> [TASK STATEMENT] Repeat the records below exactly, leaving out any pictures.

Saved data entries:
........
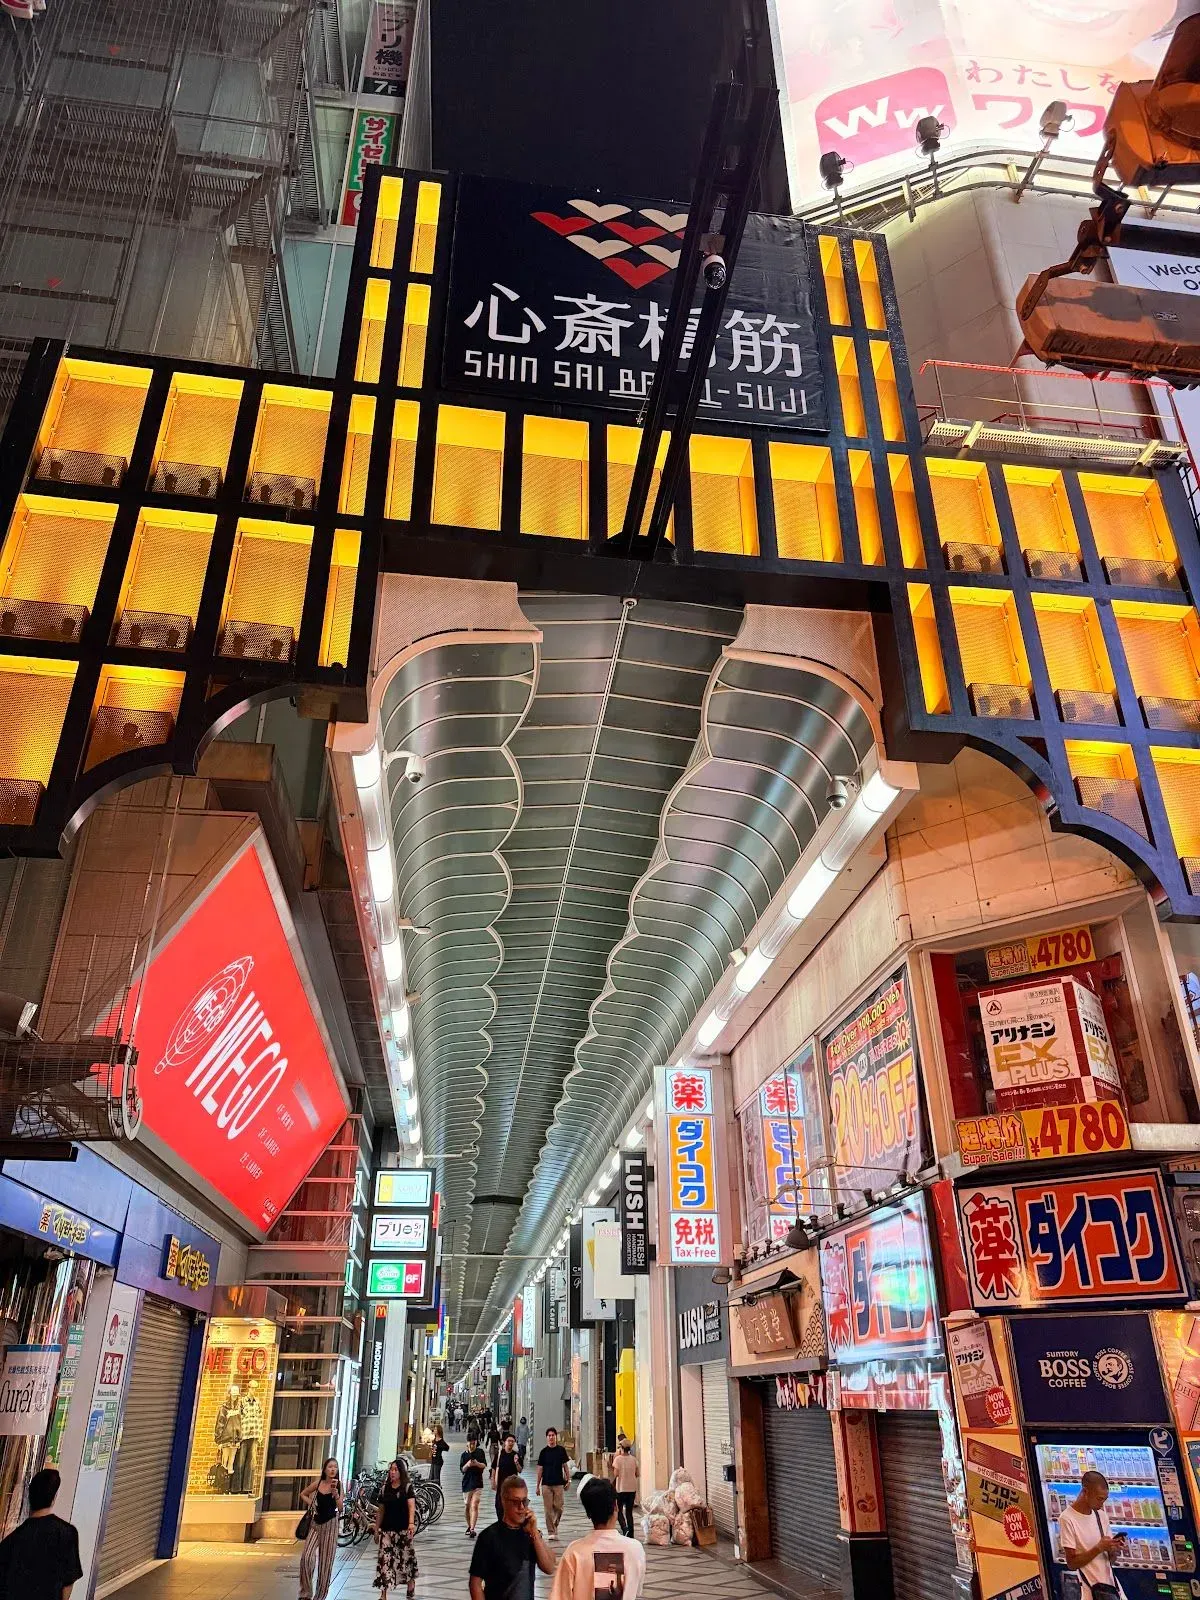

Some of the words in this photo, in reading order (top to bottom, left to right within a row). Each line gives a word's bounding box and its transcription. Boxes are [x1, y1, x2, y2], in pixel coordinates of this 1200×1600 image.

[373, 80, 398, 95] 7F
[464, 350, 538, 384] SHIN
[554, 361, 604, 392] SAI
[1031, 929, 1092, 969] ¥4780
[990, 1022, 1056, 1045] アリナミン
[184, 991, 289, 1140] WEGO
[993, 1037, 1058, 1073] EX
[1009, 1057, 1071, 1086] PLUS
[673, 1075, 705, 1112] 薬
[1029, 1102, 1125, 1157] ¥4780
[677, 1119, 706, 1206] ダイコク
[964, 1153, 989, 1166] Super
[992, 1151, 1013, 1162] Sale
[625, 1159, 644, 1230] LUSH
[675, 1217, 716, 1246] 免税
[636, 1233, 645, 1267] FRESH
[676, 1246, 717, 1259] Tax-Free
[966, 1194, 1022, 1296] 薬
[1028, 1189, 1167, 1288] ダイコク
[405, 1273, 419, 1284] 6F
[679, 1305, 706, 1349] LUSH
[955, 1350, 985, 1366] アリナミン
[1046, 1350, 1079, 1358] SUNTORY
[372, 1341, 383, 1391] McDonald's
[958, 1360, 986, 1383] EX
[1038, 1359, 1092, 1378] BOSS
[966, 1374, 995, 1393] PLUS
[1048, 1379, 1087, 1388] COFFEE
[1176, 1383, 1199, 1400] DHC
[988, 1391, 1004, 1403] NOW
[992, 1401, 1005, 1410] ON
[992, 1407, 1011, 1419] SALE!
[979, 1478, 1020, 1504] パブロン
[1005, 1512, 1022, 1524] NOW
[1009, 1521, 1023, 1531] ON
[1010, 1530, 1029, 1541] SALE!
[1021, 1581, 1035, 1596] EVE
........
> [RESPONSE TO THIS EXERCISE]
Some of the words in this photo, in reading order (top to bottom, left to right within a row). Each line gives a word's bounding box and its transcription. Boxes are [x1, y1, x2, y2], in pixel coordinates of this 1200×1600 image.

[373, 80, 398, 95] 7F
[464, 350, 538, 384] SHIN
[554, 361, 604, 392] SAI
[1031, 929, 1092, 969] ¥4780
[990, 1022, 1056, 1045] アリナミン
[184, 991, 289, 1140] WEGO
[993, 1037, 1058, 1073] EX
[1009, 1057, 1071, 1086] PLUS
[673, 1075, 705, 1112] 薬
[1029, 1102, 1125, 1157] ¥4780
[677, 1119, 706, 1206] ダイコク
[964, 1153, 989, 1166] Super
[992, 1151, 1013, 1162] Sale
[625, 1159, 644, 1230] LUSH
[675, 1217, 716, 1246] 免税
[636, 1233, 645, 1267] FRESH
[676, 1246, 717, 1259] Tax-Free
[966, 1194, 1022, 1296] 薬
[1028, 1189, 1167, 1288] ダイコク
[405, 1273, 419, 1284] 6F
[679, 1305, 706, 1349] LUSH
[955, 1350, 985, 1366] アリナミン
[1046, 1350, 1079, 1358] SUNTORY
[372, 1341, 383, 1391] McDonald's
[958, 1360, 986, 1383] EX
[1038, 1359, 1092, 1378] BOSS
[966, 1374, 995, 1393] PLUS
[1048, 1379, 1087, 1388] COFFEE
[1176, 1383, 1199, 1400] DHC
[988, 1391, 1004, 1403] NOW
[992, 1401, 1005, 1410] ON
[992, 1407, 1011, 1419] SALE!
[979, 1478, 1020, 1504] パブロン
[1005, 1512, 1022, 1524] NOW
[1009, 1521, 1023, 1531] ON
[1010, 1530, 1029, 1541] SALE!
[1021, 1581, 1035, 1596] EVE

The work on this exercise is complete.